# Data 3-3 Multiple Pandas Dataframes

Working with multiple dataframes: Concat, Merge, resetting the index, join types


In this unit we will discuss strategies for dealing with multiple dataframes and combing them into a single dataframe.

In [2]:
import pandas as pd

## Concatenation

Concatenation appends the rows of one or more dataframes together. This is a row-oriented operation so the resulting datafram will be longer.

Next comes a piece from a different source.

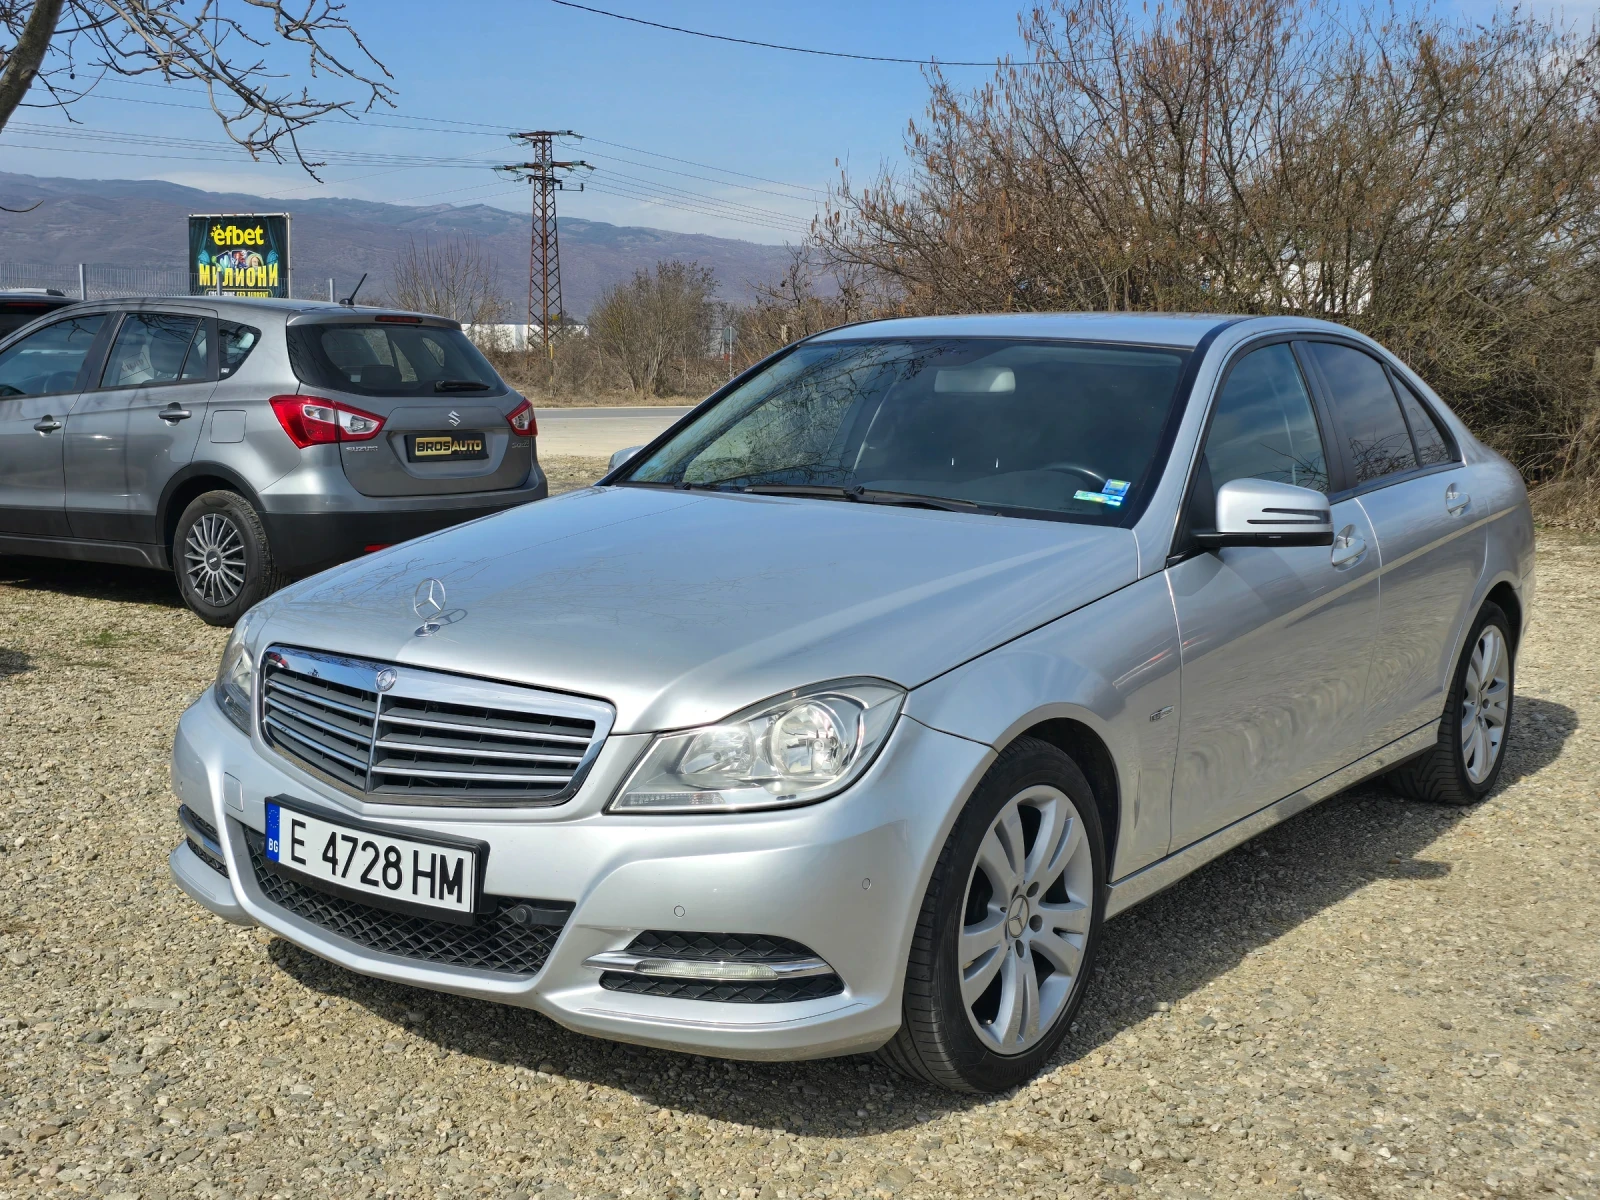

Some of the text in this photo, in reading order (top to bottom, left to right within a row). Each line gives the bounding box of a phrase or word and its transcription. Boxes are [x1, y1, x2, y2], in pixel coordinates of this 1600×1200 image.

[213, 225, 264, 245] efbet
[268, 838, 279, 853] BG
[291, 818, 464, 904] E 4728 HM

Example: 50 rows concatendated to 40 rows == 90 rows.

`pd.concat(items: list[pd.DataFrame], ignore_index=False)` The argument is a list of Dataframes to concat. 

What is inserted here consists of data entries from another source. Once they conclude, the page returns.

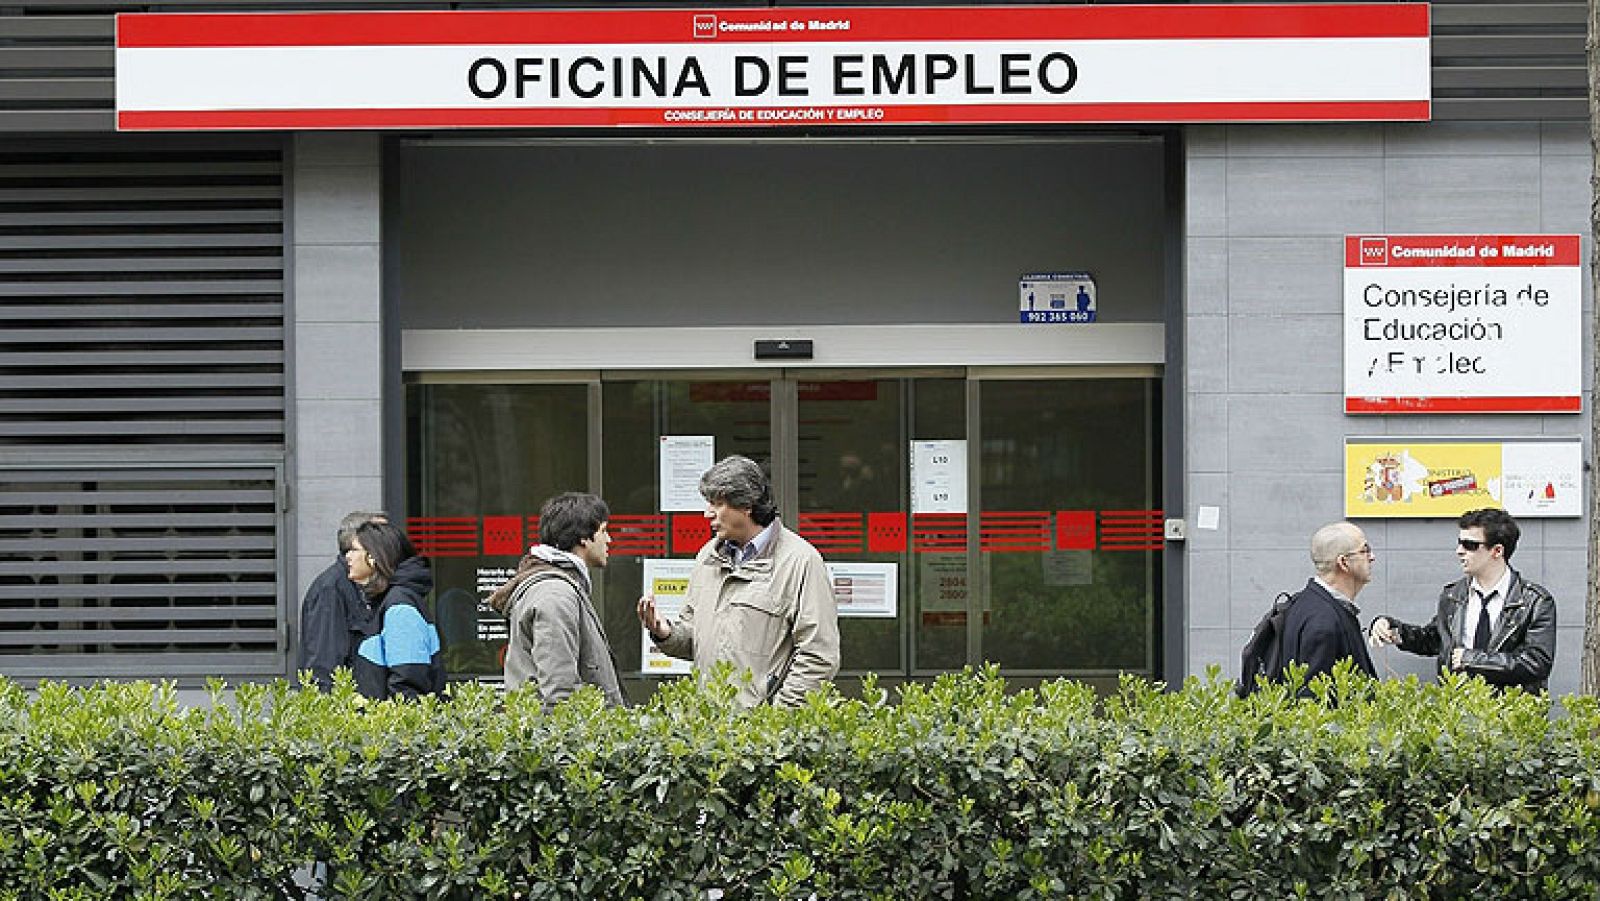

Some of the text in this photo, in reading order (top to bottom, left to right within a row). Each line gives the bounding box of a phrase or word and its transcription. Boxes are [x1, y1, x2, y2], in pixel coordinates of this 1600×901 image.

[719, 20, 850, 32] Comunidad de Madrid
[467, 52, 1078, 99] OFICINA DE EMPLEO
[664, 107, 884, 122] CONSEJERÍA DE EDUCACIÓN Y EMPLEO
[1391, 244, 1555, 258] Comunidad de Madrid
[1363, 283, 1507, 313] Consejería
[1363, 317, 1503, 342] Educación

We can choose to keep the current index in each dataframe `ignore_index=False` or create a new index `ignore_index=True`

In [3]:
campus_students = pd.read_csv("https://raw.githubusercontent.com/mafudge/datasets/master/delimited/campus-students.csv")
campus_students

Unnamed: 0,Name,Grade,Year
0,Helen,,Sophomore
1,Iris,10.0,Senior
2,Jimmy,8.0,Freshman
3,Karen,,Freshman
4,Lynne,10.0,Sophomore
5,Mike,10.0,Sophomore
6,Nico,,Junior
7,Pete,8.0,Freshman


In [4]:
online_students = pd.read_csv("https://raw.githubusercontent.com/mafudge/datasets/master/delimited/online-students.csv")
online_students

Unnamed: 0,Name,Grade,Year,Location
0,Abby,7.0,Freshman,NY
1,Bob,9.0,Sophomore,CA
2,Chris,10.0,Senior,CA
3,Dave,8.0,Freshman,NY
4,Ellen,7.0,Sophomore,TX
5,Fran,10.0,Senior,FL
6,Greg,8.0,Freshman,NY


In [5]:
combined_students = pd.concat([campus_students, online_students])
combined_students

Unnamed: 0,Name,Grade,Year,Location
0,Helen,,Sophomore,
1,Iris,10.0,Senior,
2,Jimmy,8.0,Freshman,
3,Karen,,Freshman,
4,Lynne,10.0,Sophomore,
5,Mike,10.0,Sophomore,
6,Nico,,Junior,
7,Pete,8.0,Freshman,
0,Abby,7.0,Freshman,NY
1,Bob,9.0,Sophomore,CA


### concat() - Ignoring the index

As you can see from the code above the index from the original DataFrames was used. For example `Helen` and `Abby` both share the index `0`. 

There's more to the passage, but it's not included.